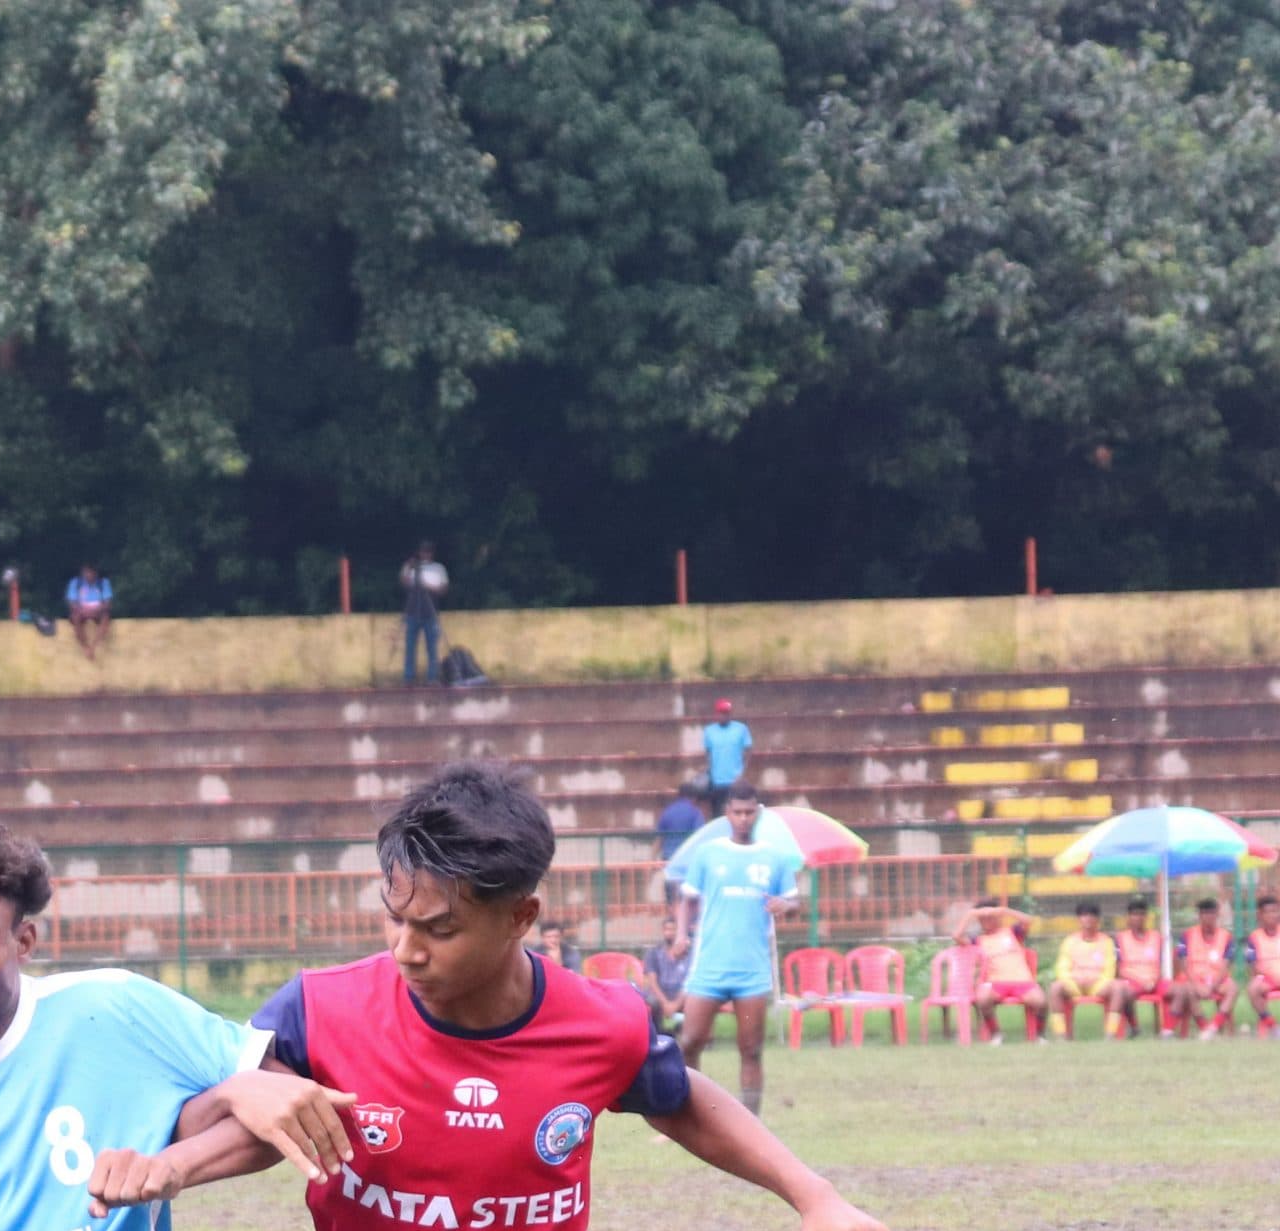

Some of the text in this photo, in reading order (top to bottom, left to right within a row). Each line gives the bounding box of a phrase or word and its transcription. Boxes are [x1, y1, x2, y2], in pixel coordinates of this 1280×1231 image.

[355, 1109, 394, 1125] TFA
[445, 1110, 505, 1130] TATA
[44, 1105, 95, 1186] 8
[341, 1162, 585, 1230] TATA STEEL

----------------

Goal of the exercise: Pictures do not belong in the copy; repeat the rest of the listing exactly.

Exercise result:
Some of the text in this photo, in reading order (top to bottom, left to right within a row). Each line gives the bounding box of a phrase or word and its transcription. Boxes are [x1, y1, x2, y2], in pixel coordinates of this 1280×1231 image.

[355, 1109, 394, 1125] TFA
[445, 1110, 505, 1130] TATA
[44, 1105, 95, 1186] 8
[341, 1162, 585, 1230] TATA STEEL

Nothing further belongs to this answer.